Ritchie on education

Given how poor the private sector model of education is at preparing people for the reality of the workplace I very much doubt it.

That would explain how the privately educated find it so difficult to get a decent job then I assume?

10 thoughts on “Ritchie on education”

  1. I think this statement shows to even the most sympathetic observer that RM inhabits a world entirely of his own making, divorced from reality.

    Pretty much every bit of evidence you could come up with would indicate that private education provision is better than the State version – exam passes, university places, entry into the professions, sports, arts and the media, unemployment levels, wages once in employment, etc etc.

    But in RM world, none of that matters. Things MUST be as he says they are, because then they agree with his view of the world – that collective provision is superior to individual choices.
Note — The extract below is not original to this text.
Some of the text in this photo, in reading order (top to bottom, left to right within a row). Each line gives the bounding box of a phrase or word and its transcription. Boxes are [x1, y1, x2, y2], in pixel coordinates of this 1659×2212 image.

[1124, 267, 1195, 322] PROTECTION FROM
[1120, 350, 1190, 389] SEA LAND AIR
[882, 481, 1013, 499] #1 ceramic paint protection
If he had to accept a flaw somewhere in his thinking, the whole edifice would collapse. So reality is ignored where it doesn’t fit his way of thinking.
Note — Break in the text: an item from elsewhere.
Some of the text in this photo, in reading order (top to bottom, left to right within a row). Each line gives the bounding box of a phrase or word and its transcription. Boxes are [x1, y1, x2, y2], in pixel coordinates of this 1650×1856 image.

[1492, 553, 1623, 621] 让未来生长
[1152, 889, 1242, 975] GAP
    And this is a person that seems to have serious input into public discourse (on the Left anyway) on economics and public policy. The mind boggles.

  2. Jim

    The weird and wacky world of right on, right-thinking lefties. Remember, they care and you don’t.

    I can’t even bring myself to call them socialists. The real socialists I know are more realistic (and a little more frightening). They understand the results for some of their more radical policies.
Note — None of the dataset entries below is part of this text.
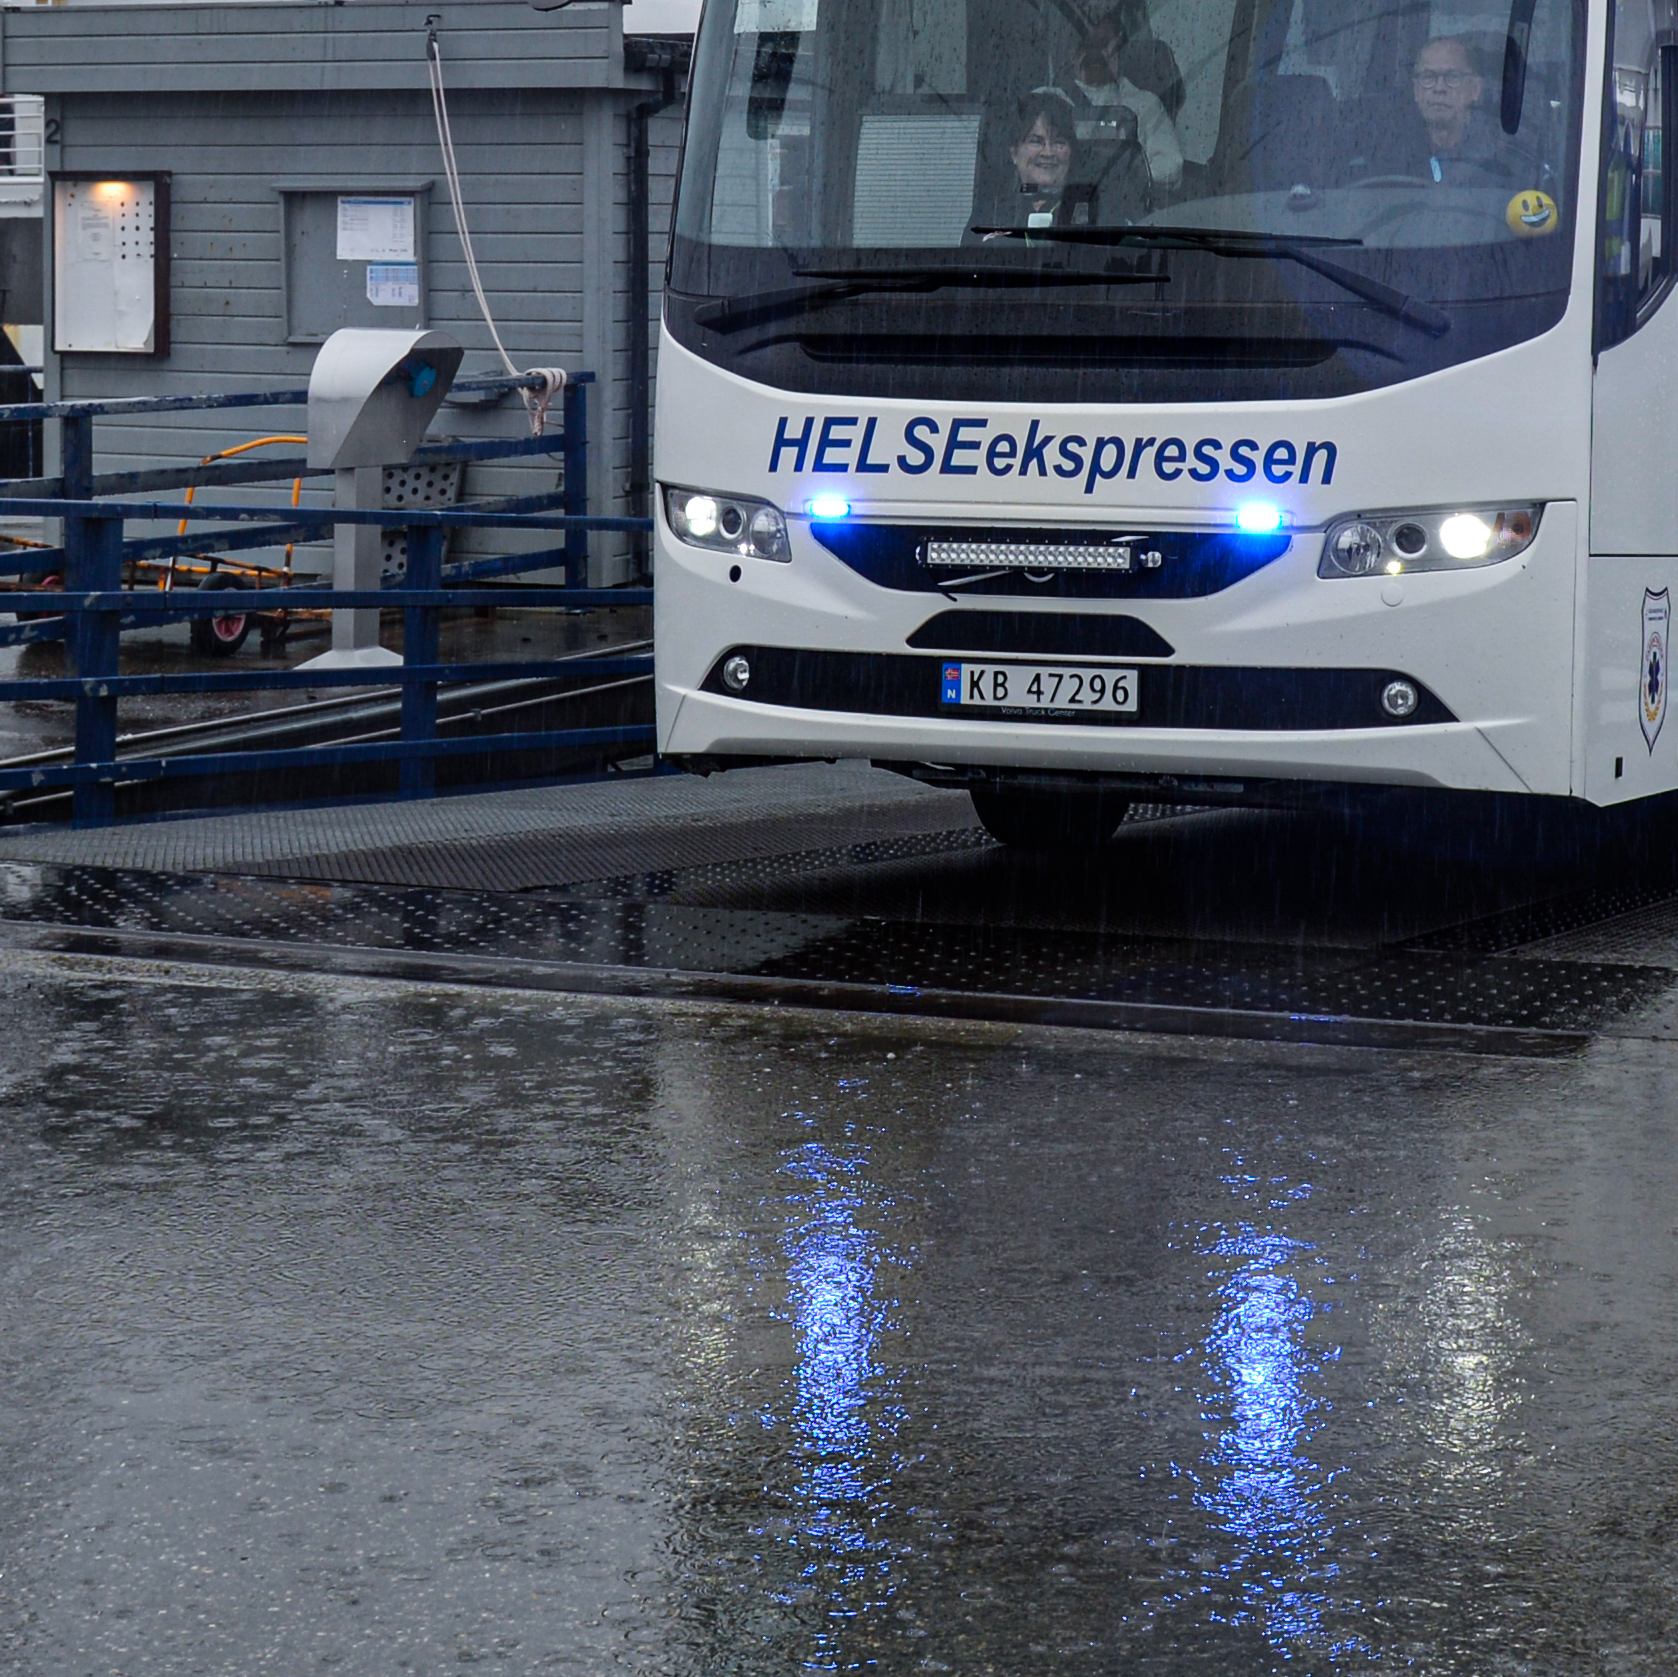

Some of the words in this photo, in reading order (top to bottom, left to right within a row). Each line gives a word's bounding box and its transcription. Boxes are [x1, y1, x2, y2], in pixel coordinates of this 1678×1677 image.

[45, 118, 61, 145] 2
[768, 416, 1338, 495] HELSEekspressen
[947, 689, 957, 699] N
[968, 669, 1009, 701] KB
[1026, 672, 1130, 706] 47296
[1000, 706, 1023, 715] Volvo
[1025, 707, 1045, 716] Truck
[1047, 708, 1077, 717] Center
    The trade marks are wishful thinking, ignoring facts and grandstanding. Useful if you know how to say the word fascist too. Reduction of the enemy to greedy baby-eating bastard banking tax-evading homophobic, racist, exploiter and paedophile public school toffs helps too.

    Experts in flying off at a tangent and interrupting.

    Experts in marketing and occupying the moral highground.

    Funny how these people abound in liberal capitalist societies but are strangely missing from earthly paradises.

  3. Wait till next week – he’ll be calling for private education to be banned because it gives an ‘unfair’ advantage over state educated children.

    I doubt he’ll even be aware of the glaring contradiction.

  4. Philip Scott Thomas

    So after thirteen years in the warm and loving embrace of the British state education system, what’s the percentage of student who cannot even read, write or do basic arithmetic? Around 20%-ish, isn’t it?

    And what’s the rate for the public school system?

    Which education model is better “at preparing people for the reality of the workplace”?

  5. People like him (ie Leftists generally) start from the assumption that the advantages enjoyed by the privately-educated are all illicit advantages obtained via the Old Boy network.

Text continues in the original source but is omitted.